→ **EXERCISE REQUIREMENTS**: Retype all entries exactly as they stand, excluding pictures.
--- START ---
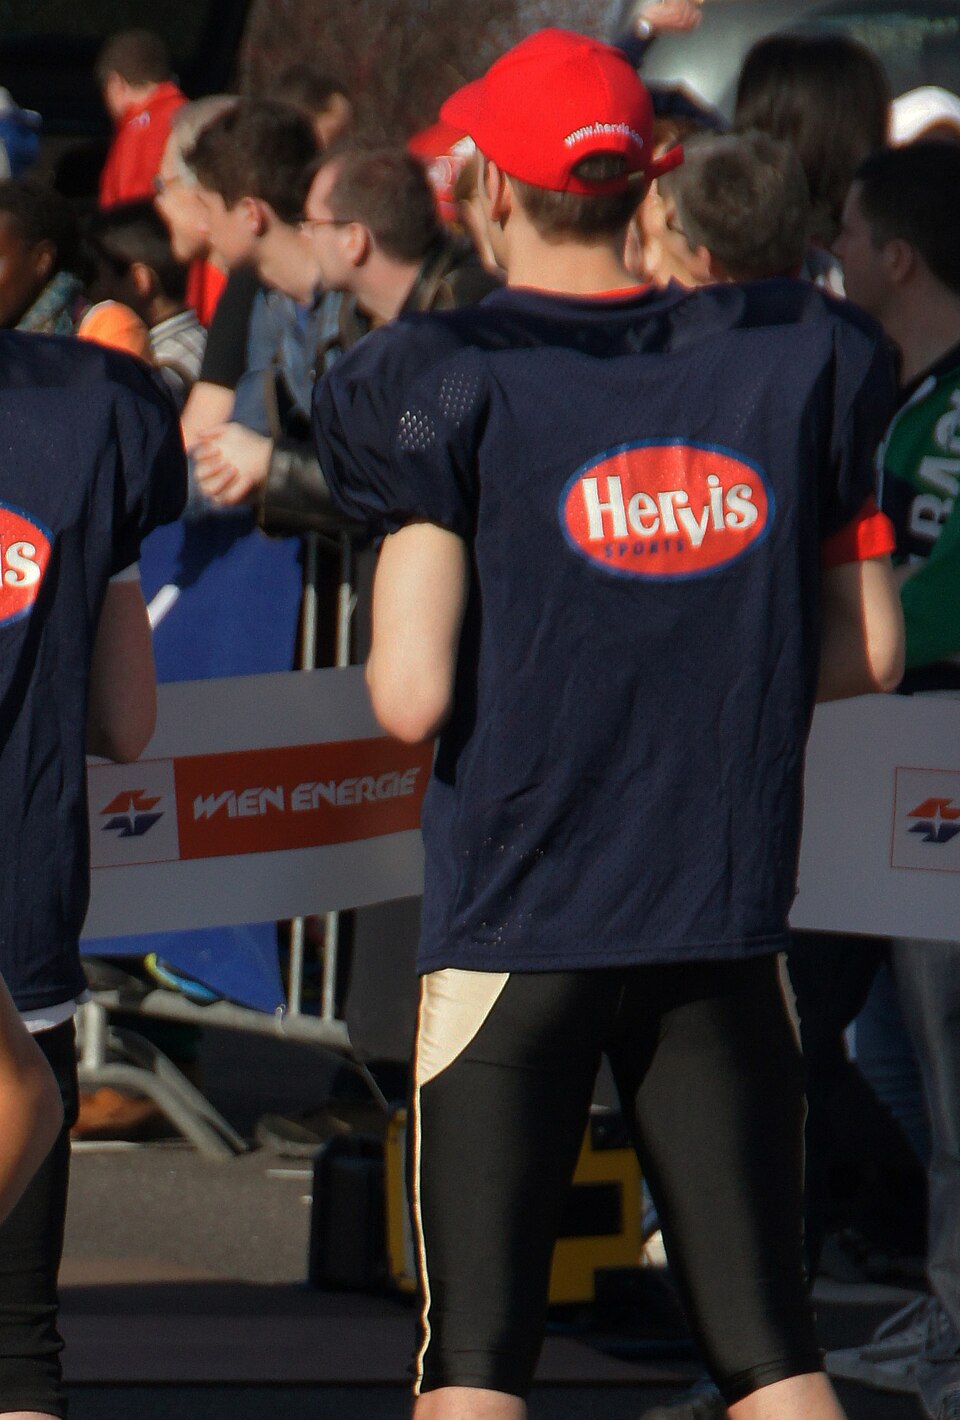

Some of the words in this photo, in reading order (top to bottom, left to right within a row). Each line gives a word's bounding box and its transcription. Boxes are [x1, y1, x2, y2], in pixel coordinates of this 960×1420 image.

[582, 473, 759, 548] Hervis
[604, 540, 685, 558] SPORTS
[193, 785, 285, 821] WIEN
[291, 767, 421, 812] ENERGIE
--- END ---
→ **SOLUTION TO THIS EXERCISE**:
Some of the words in this photo, in reading order (top to bottom, left to right within a row). Each line gives a word's bounding box and its transcription. Boxes are [x1, y1, x2, y2], in pixel coordinates of this 960×1420 image.

[582, 473, 759, 548] Hervis
[604, 540, 685, 558] SPORTS
[193, 785, 285, 821] WIEN
[291, 767, 421, 812] ENERGIE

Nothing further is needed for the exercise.